Your question of why is this so slow or small is prescient. On the reasons that we have to integrate the dynamical equations (e.g. Newtonian or Hamiltonian mechanics) at small, femtosecond timesteps (1 fs = 1e-15s) is because the vibrational frequencies of bonds are on the order of picoseconds (1 ps = 1e-12s). Given that you also have to compute Omega(n^2) pairwise interactions between n particles, you end up having a large runtime to get to ns and us while respecting bond frequencies. The hard part, for atomistic/all-atom simulation is that n is on the order of 1e5-1e6 for a single protein with 100s of water molecules. The water molecules are extremely important to simulate exactly since you need to get polar phenomena, such as hydrogen bonding, correct to get folded structure and druggable sites correct to angstrom precision (1e-10 meters). If you don't do atomistic simulations (e.g. n is much smaller and you ignore complex physical interactions, including semi-quantum interactions), you have a much harder time matching precision experiments.

[0] https://science.sciencemag.org/content/334/6055/517

[1] https://ieeexplore.ieee.org/abstract/document/7012191/ [the variance comes from the fact that different physics models and densities cause very different run times -> evaluating 1/r^6 vs. 1/r^12 in fixed precision is very different w.r.t communication complexity and Ewald times and FFTs and ...]

[2] https://pubs.acs.org/doi/abs/10.1021/jp402102w

[madez]

This explanation is interesting. Thanks for sharing it. While reading it, I got the impression that the simulation is not fully quantum mechanical, but rather classical with select quantum mechanical effects.

Which parts of quantum mechanics are idealised away and how do we know that not including them won't significantly reduce the quality of the result?
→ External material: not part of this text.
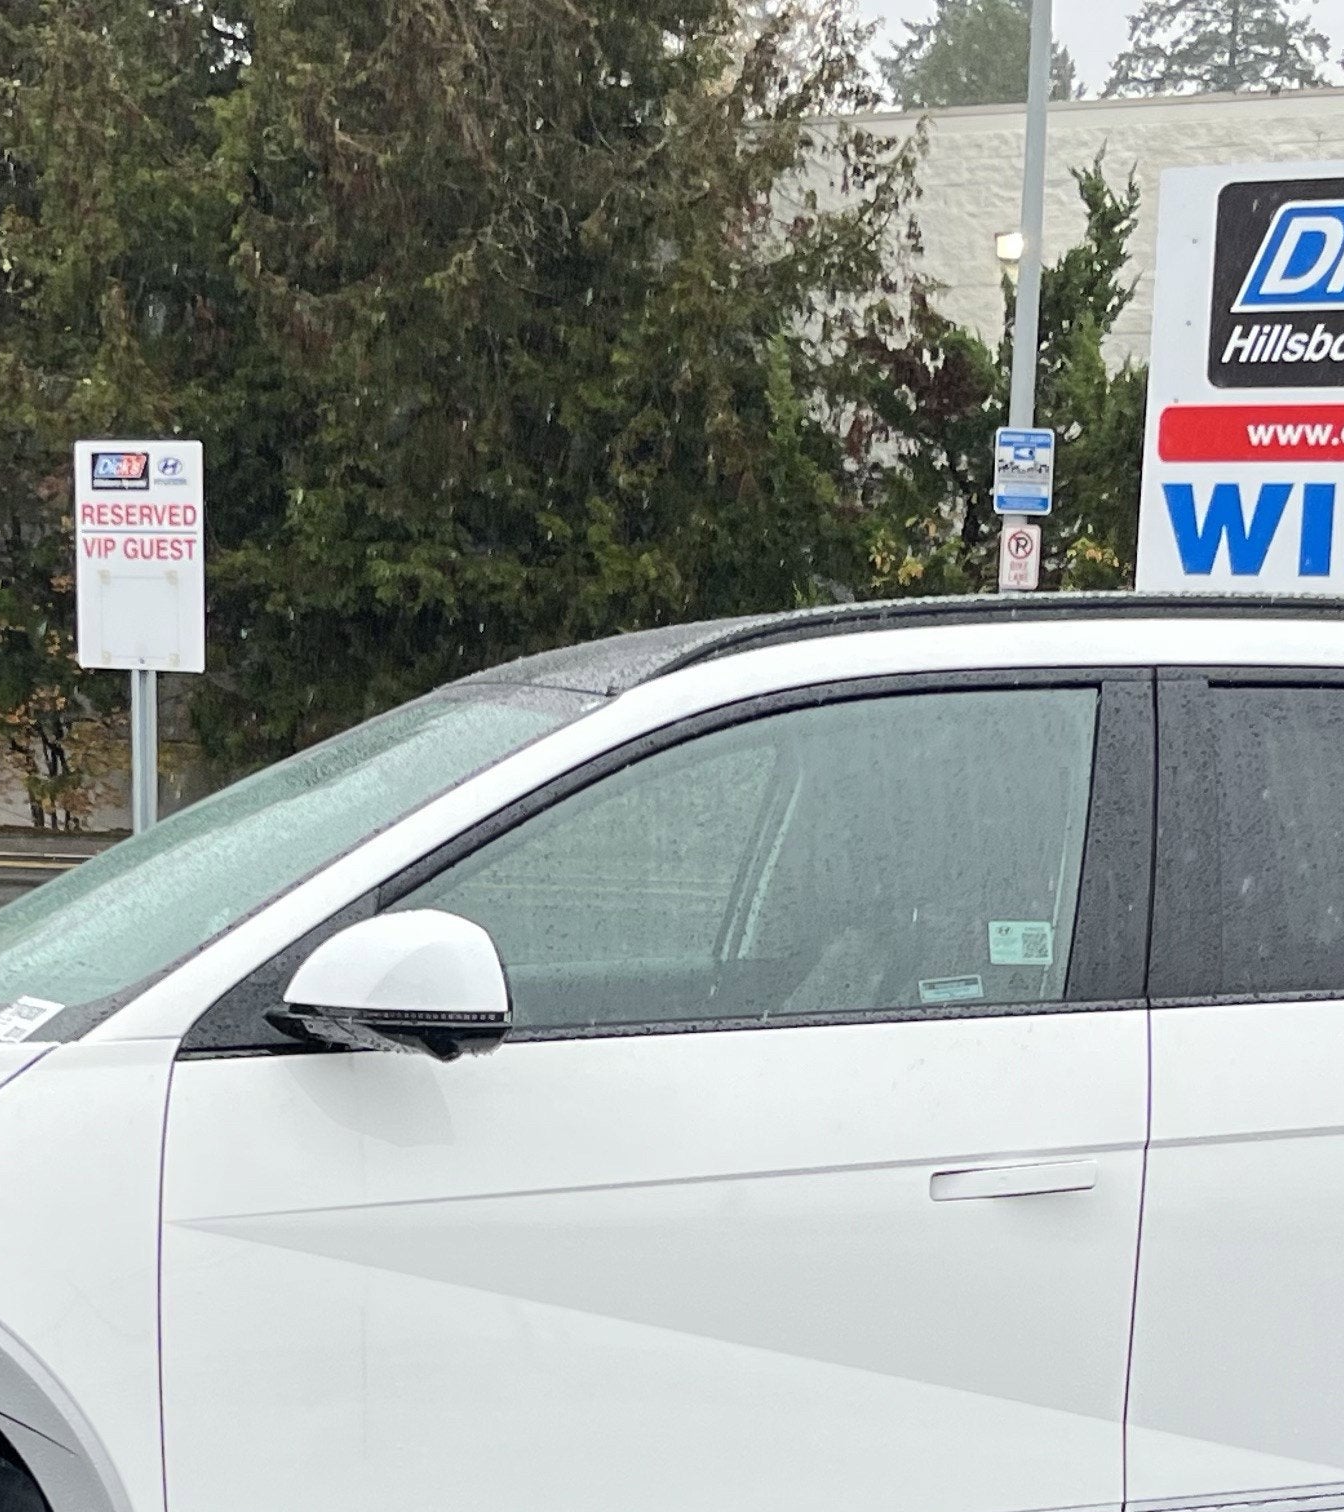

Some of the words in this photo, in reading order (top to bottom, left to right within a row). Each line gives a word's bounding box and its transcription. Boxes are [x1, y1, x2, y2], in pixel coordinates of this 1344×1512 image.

[81, 503, 197, 526] RESERVED
[82, 537, 116, 559] VIP
[123, 538, 197, 561] GUEST
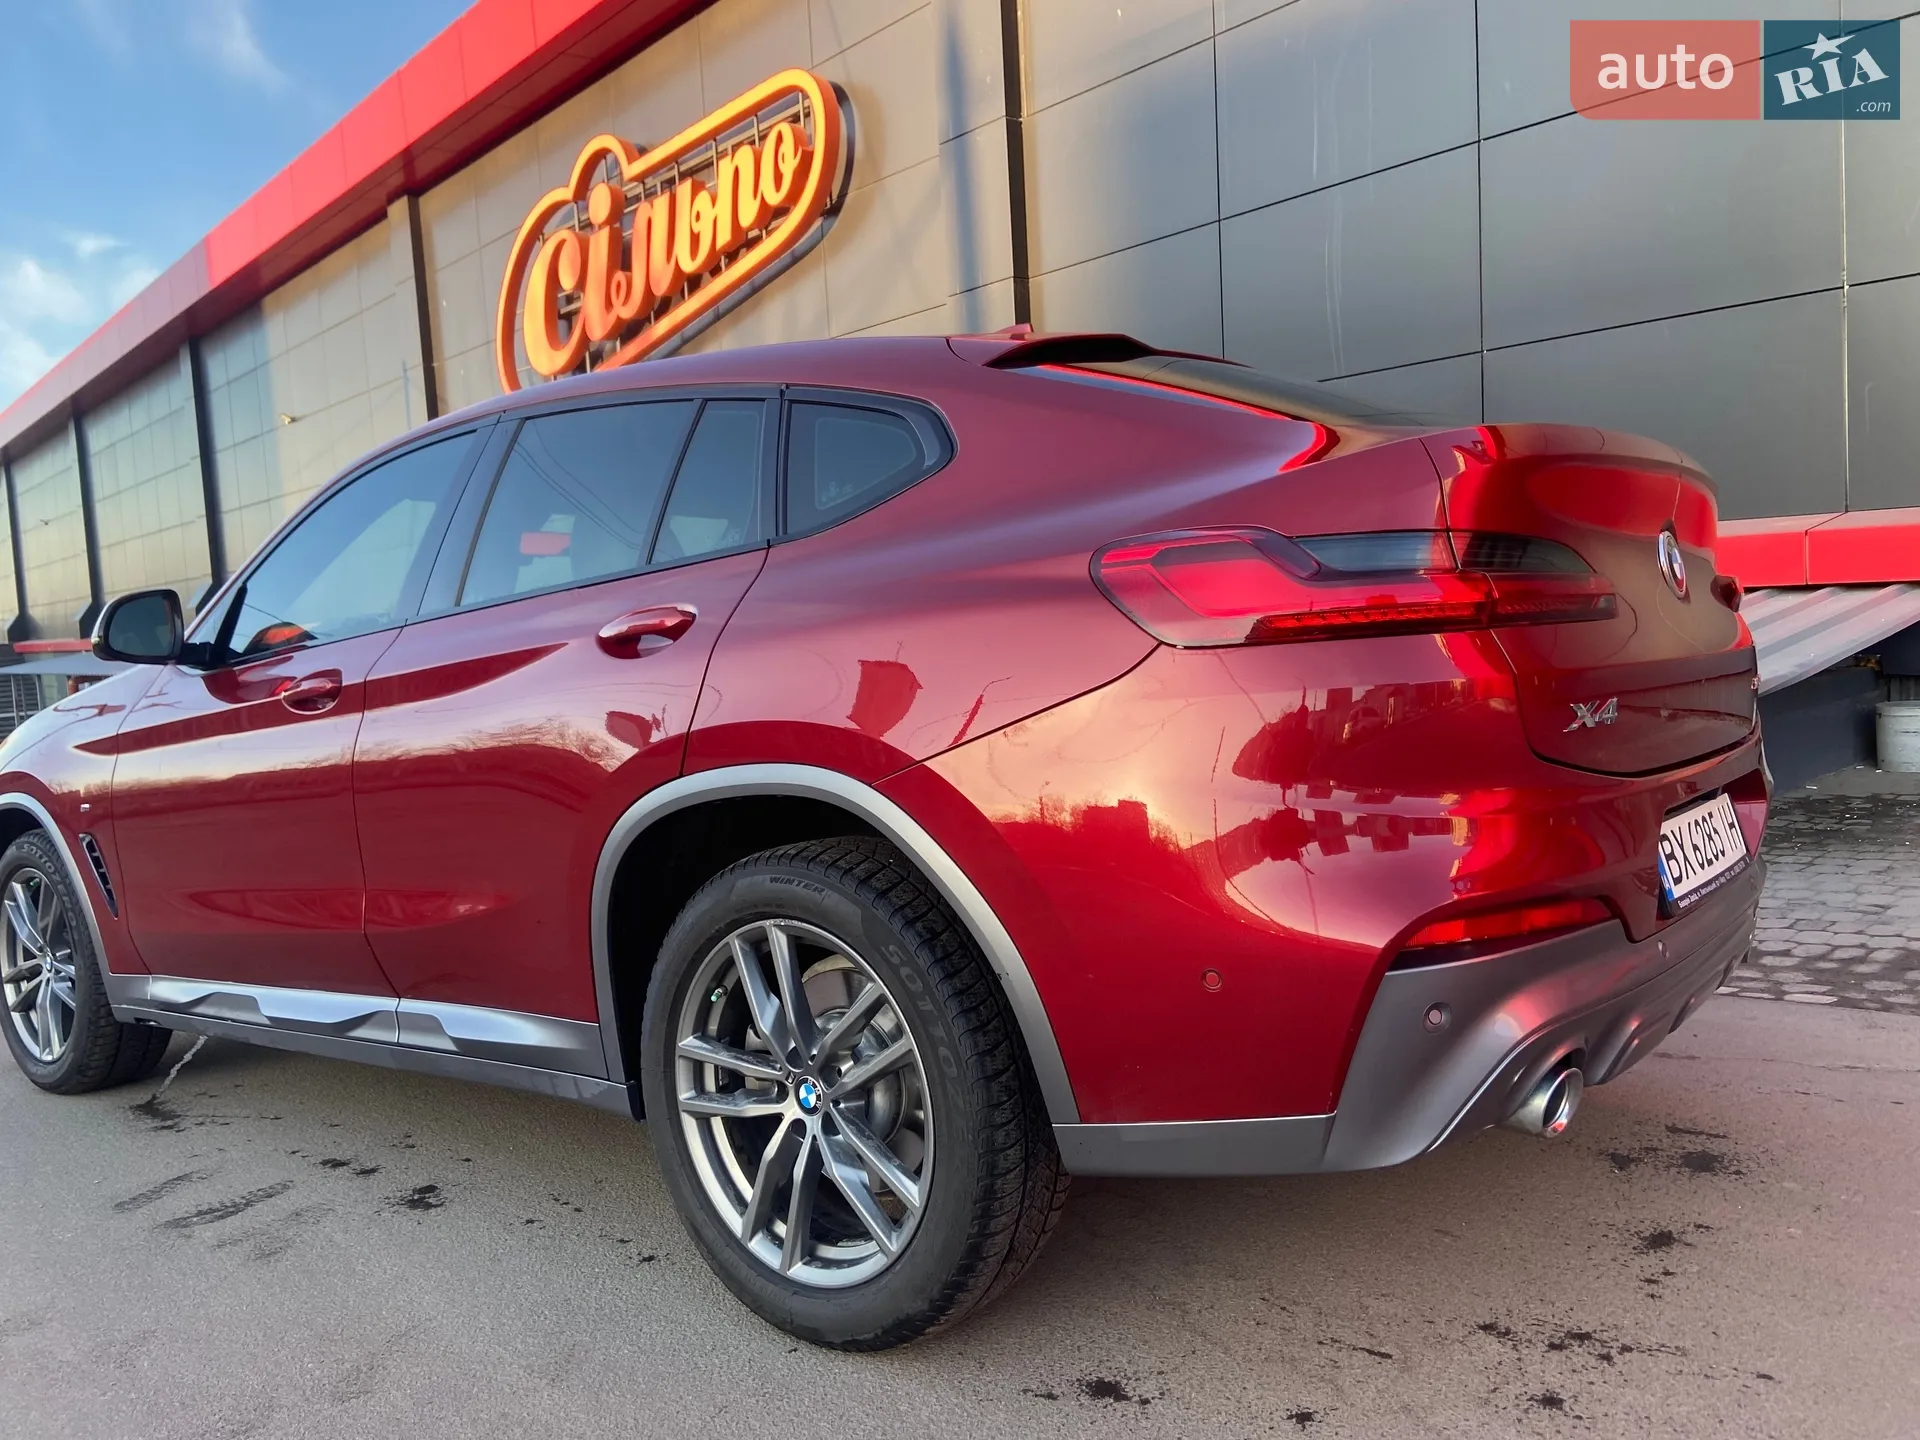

Are you possibly using stochastical noise in the simulations and repeat them multiple times, in the hope that whatever disturbance caused by the idealisation of the model is covered by the noise?

[tchitra]

That's a good question and there are a number of ways to try to tackle this. One of the main reasons you cannot do QM simulations directly is that the high quality methods can cost Omega(n^6/eps) to get eps. relative accuracy (you can do better with DFT, but then you're making your life hard in other way). At a high-level (and I mean, 50,000 ft. level), here are the simplest way:

1) Do quantum mechanics simulations of interactions of a small number of atoms — two amino acids, two ethanol molecules. Then fit a classical function to the surface E[energy(radius between molecules, angles)], where this expectation operator is the quantum one (over some separable Hilbert space). Now use the approximation for E[energy(r, a)] to act as your classical potential. - Upshot: You use quantum mechanics to decide a classical potential for you (e.g. you chose the classical potential that factors into pairs such that each pair energy is 'closest' in the Hilbert space metric to the quantum surface) - Downside: You're doing this for small N — this ignores triplet and higher interactions. You're missing the variance and other higher moments (which is usually fine for biology, FWIW, but not for, say, the Aharanov-Bohm effect).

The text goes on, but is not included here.